**Provided records**
──────────
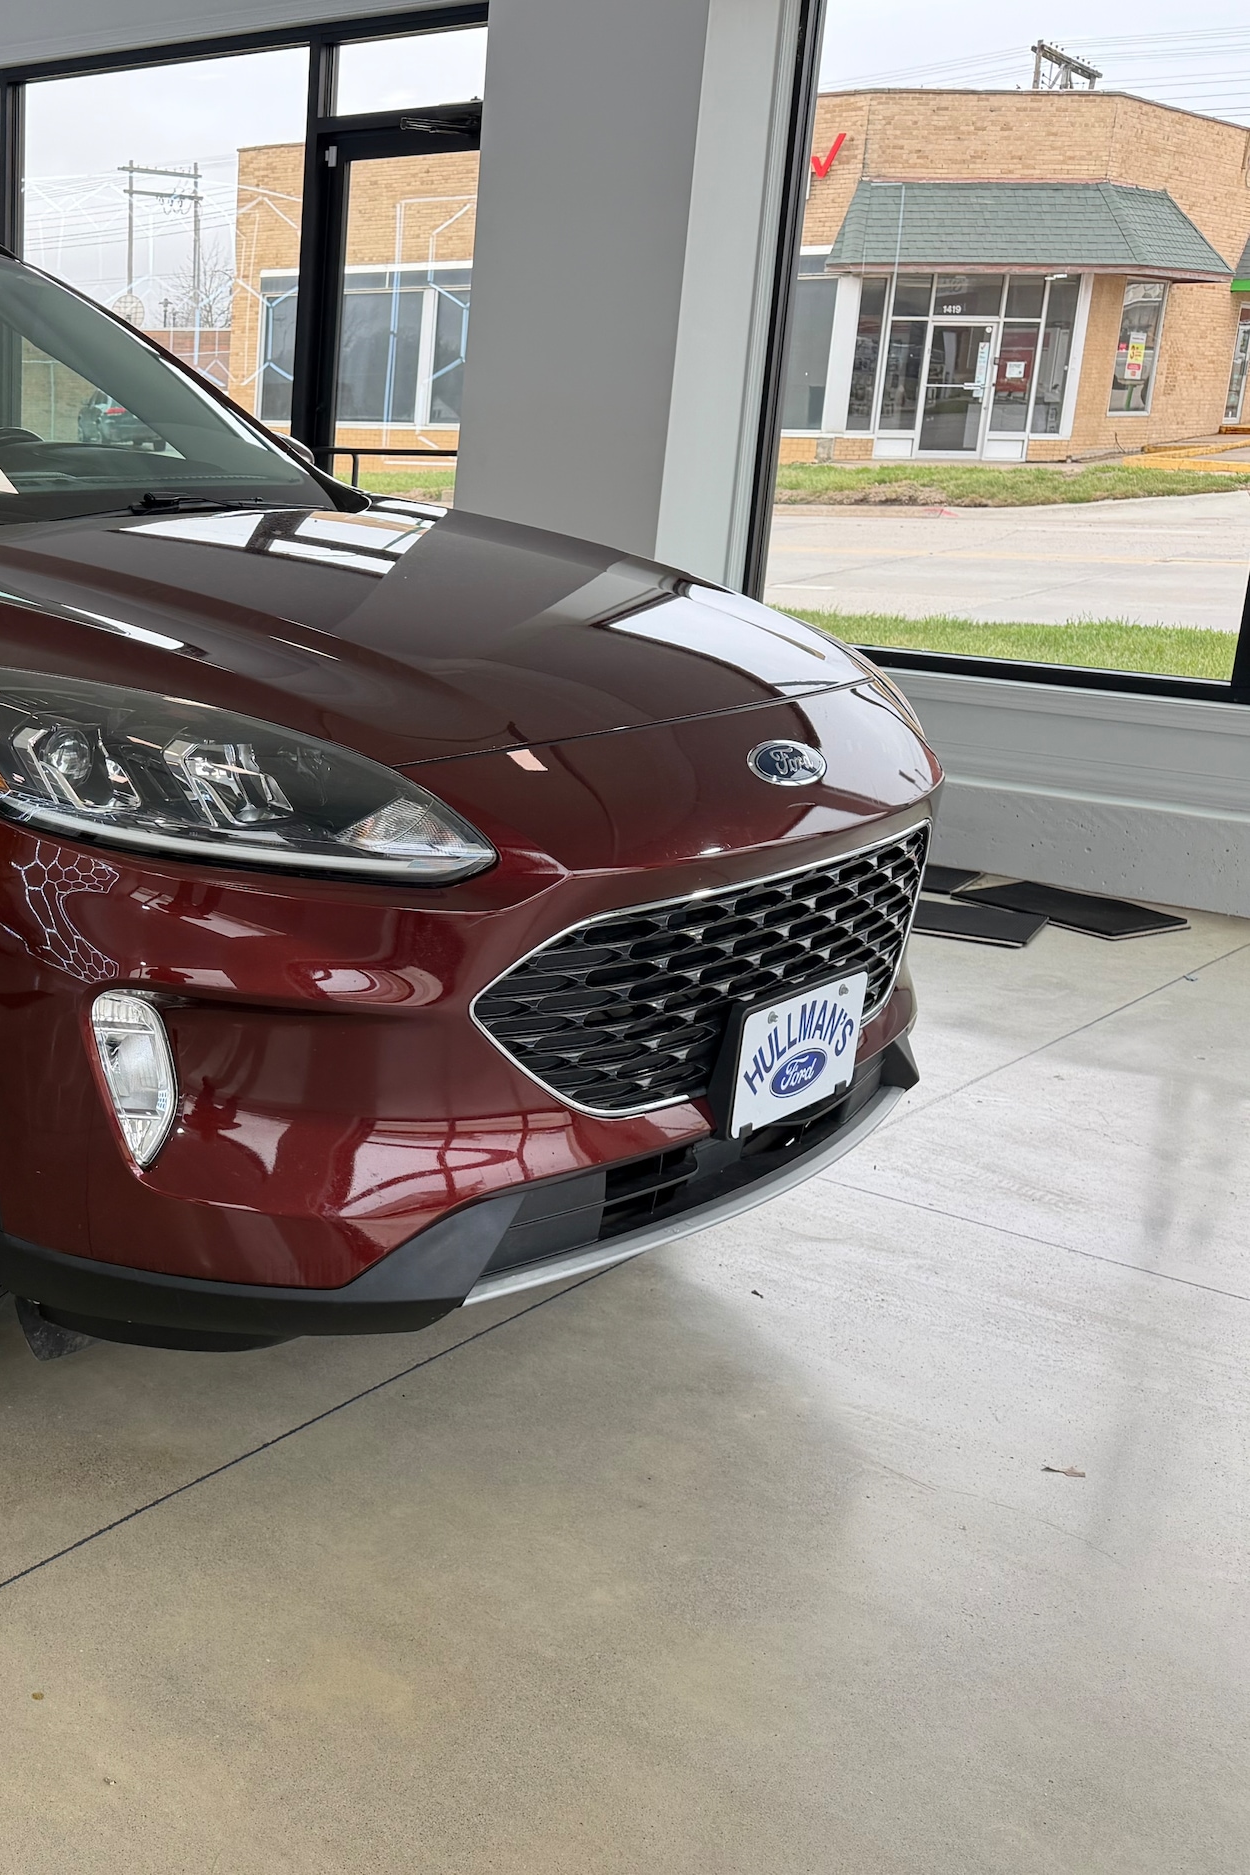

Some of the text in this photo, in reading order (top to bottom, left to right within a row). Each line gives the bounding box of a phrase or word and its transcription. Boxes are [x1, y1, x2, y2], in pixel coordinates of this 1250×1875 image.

[942, 304, 962, 314] 1419
[769, 746, 814, 775] Ford
[743, 999, 854, 1096] HULLMAN'S
[780, 1054, 815, 1091] Ford
──────────
**To do**
Please transcribe the material above exactly as written. Leave the pictures out.

**Answer section**
Some of the text in this photo, in reading order (top to bottom, left to right within a row). Each line gives the bounding box of a phrase or word and its transcription. Boxes are [x1, y1, x2, y2], in pixel coordinates of this 1250×1875 image.

[942, 304, 962, 314] 1419
[769, 746, 814, 775] Ford
[743, 999, 854, 1096] HULLMAN'S
[780, 1054, 815, 1091] Ford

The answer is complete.